Husain is also one of the few non-historian writers expounding on the subjects of terrorism to do the basic research required for the task. He does not simply attribute to terrorists the beliefs he thinks they most likely hold. Instead, he has studied their literature, devoting an entire chapter to the rise of militancy online. Without any exaggeration, he gives a good overview of jihadist literature on the internet but does not succumb to the temptation to give it more importance than it deserves.
He has also closely read the many speeches of Osama bin Laden and so has an excellent understanding of how the late al-Qaeda leader’s grievances are rooted in history as much as contemporary events. Osama may have listed the occupation of Palestine by Israel, US occupation of Muslim lands and Kashmir as his main reasons for fighting but, as Husain points out, he seemed to have an equal amount of anger over the loss of the Caliphate and the decline of Muslim power.
Interspersed in the book are Husain’s thoughts on Pakistan and its centrality in the war-on-terror narrative. Much of Husain’s writings on Pakistan will be familiar to readers as it covers territory that he has explored in his Dawn column for decades. Still, it is useful to be reminded of the “Pakistan Paradox”, as Husain calls it, that exists in a state which was created in the name of religion but whose founder disavowed any intention to discriminate.
On occasion, though, Husain succumbs to the temptation of cherry-picking facts to advance his own beliefs. On the question of drone attacks, of which he is clearly in favour, Husain quotes only a survey carried out by the Aryana Institute for Regional Research and Advocacy which purports to show that a majority of residents in Fata support the drone attacks. But he does not mention that this survey was an outlier and every other poll done in the area showed scant support for the attacks.

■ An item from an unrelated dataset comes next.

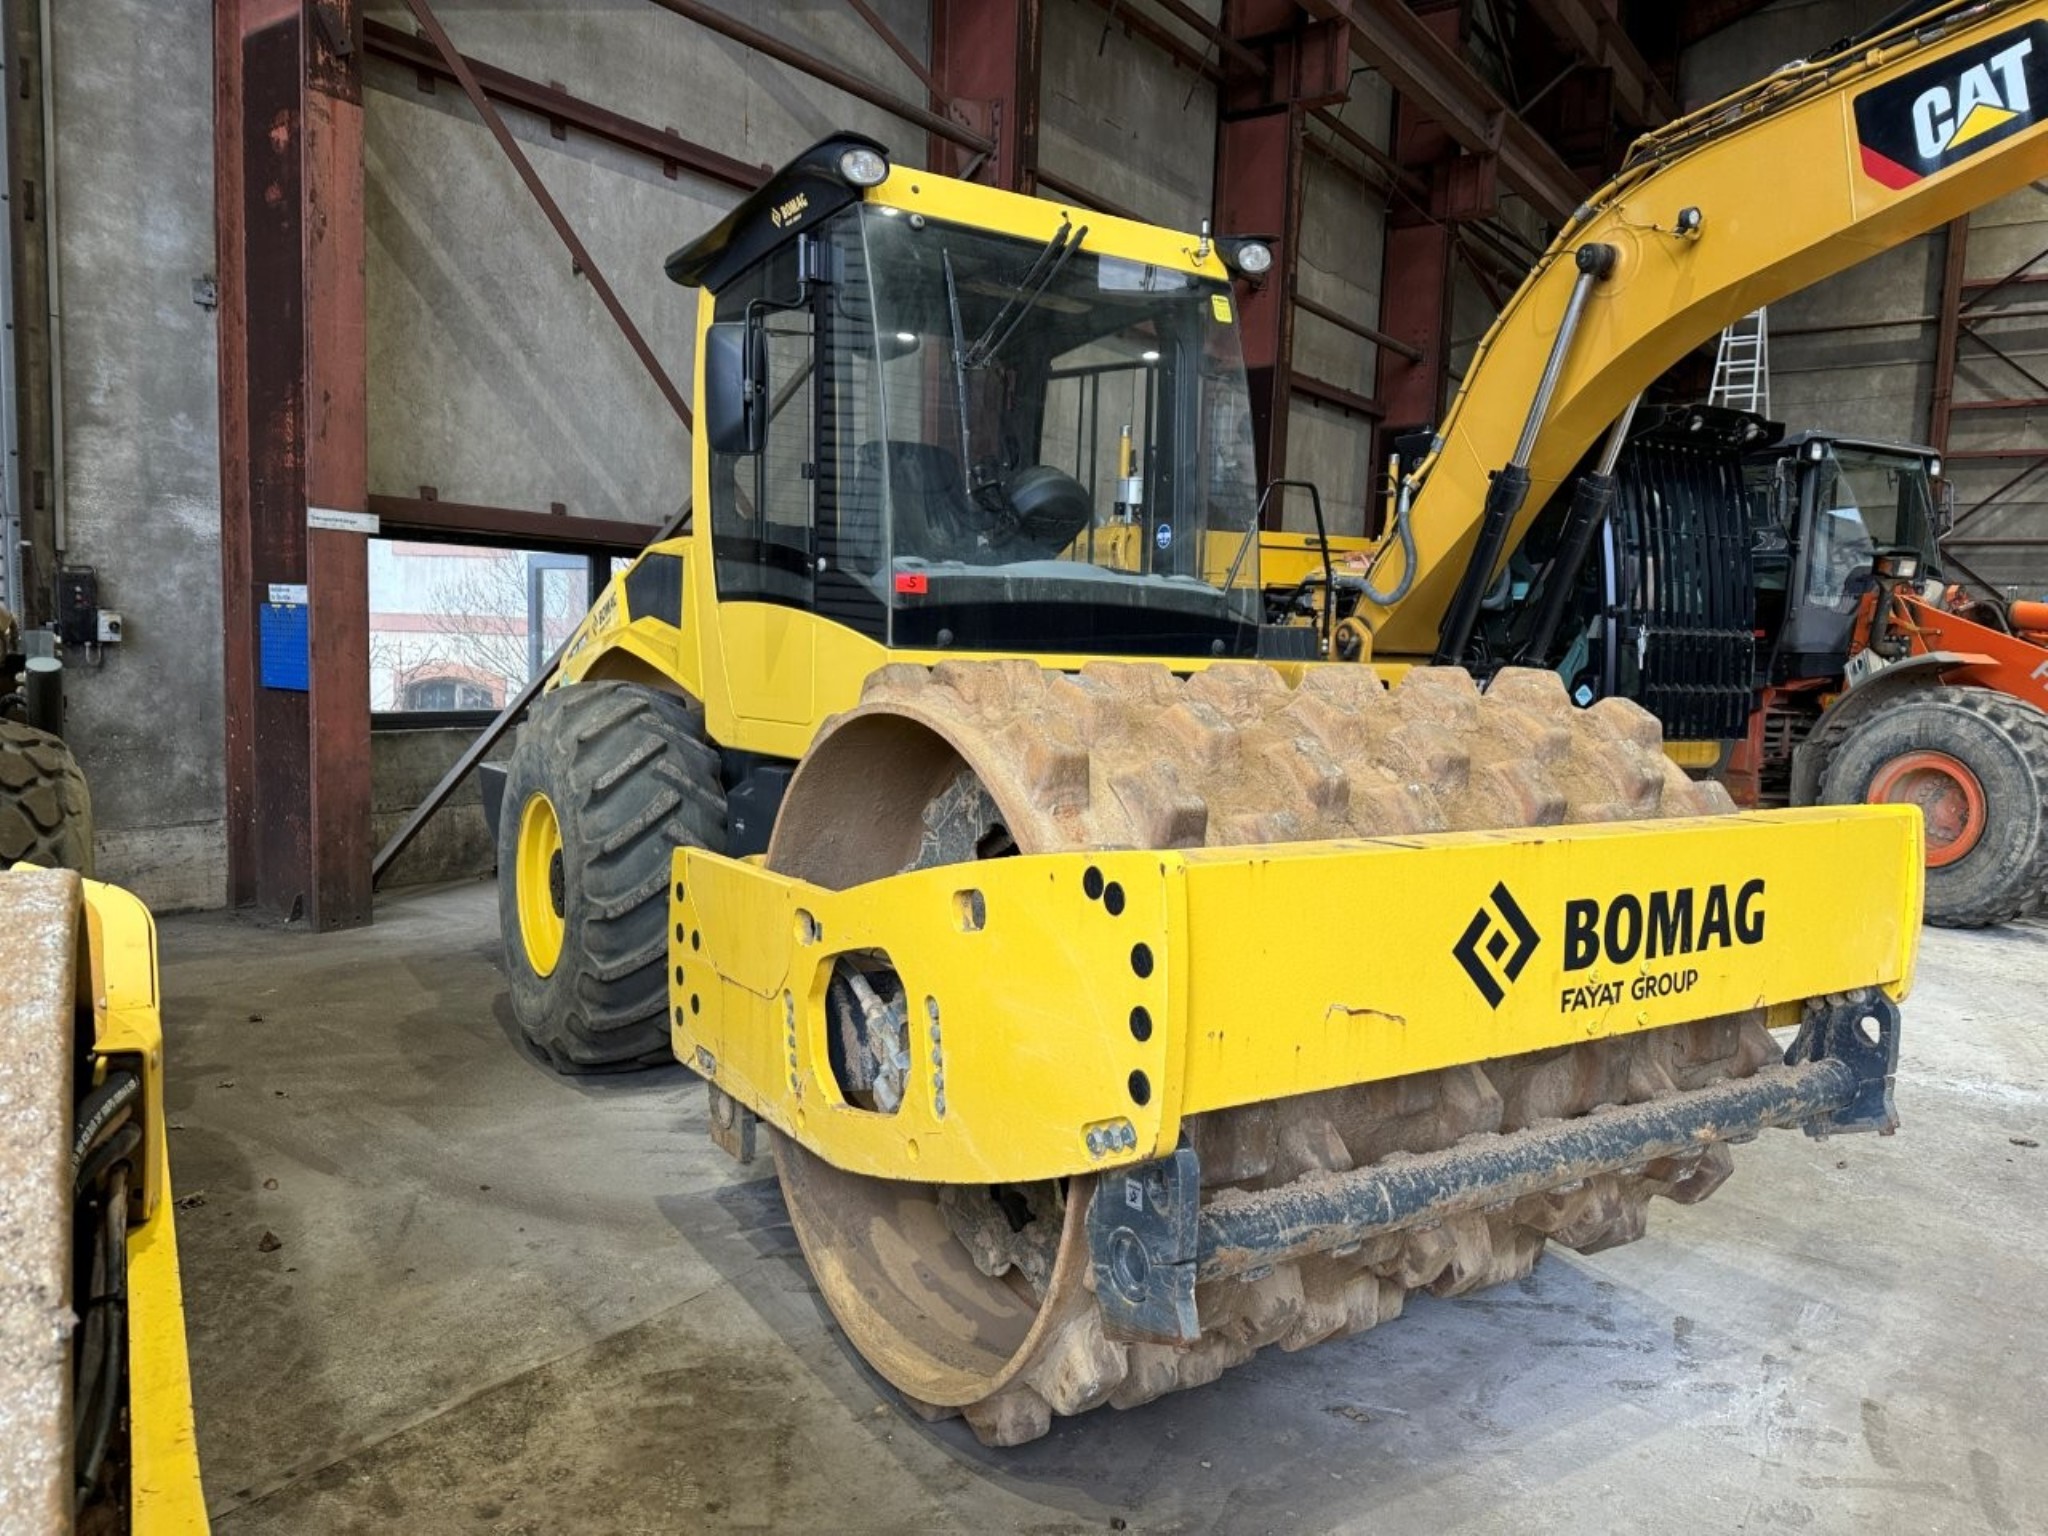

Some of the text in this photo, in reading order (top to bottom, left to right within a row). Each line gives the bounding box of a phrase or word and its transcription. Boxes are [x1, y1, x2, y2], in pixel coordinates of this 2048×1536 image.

[1912, 38, 2032, 158] CAT
[1563, 878, 1765, 971] BOMAG
[1560, 969, 1698, 1013] FAYAT GROUP

A simple smell-test should have told Husain that it is almost unprecedented for a people to support those very people who are currently bombing them. Add to this the fact that the Aryana Institute for Regional Research and Advocacy’s funding and provenance are still unknown, and one cannot help but feel that their polling was suspect at best.
Fatal Faultlines also has a slightly jarring ending. After spending many chapters exploring just how intractable the problems in the Muslim world are, Husain ends on an upbeat note as he finds renewed hope in the Arab Spring. Husain clearly sees the events in the Arab world as a potentially game-changing development.
One cannot help but feel, however, that Husain’s earlier pessimism was the more sound view to hold, especially since, in the months since Fatal Faultlines was written, the Arab Spring has lost a lot of its momentum and idealism. But these are minor quibbles and do not mar what is likely to be one of the finest political reads of the year.
Husain has taken familiar material and given it a new shine, adding to our understanding of the world today by concentrating on the scar tissue that binds it to centuries of history.
In an age of insta-analysis, that historical perspective is badly-needed and under-appreciated.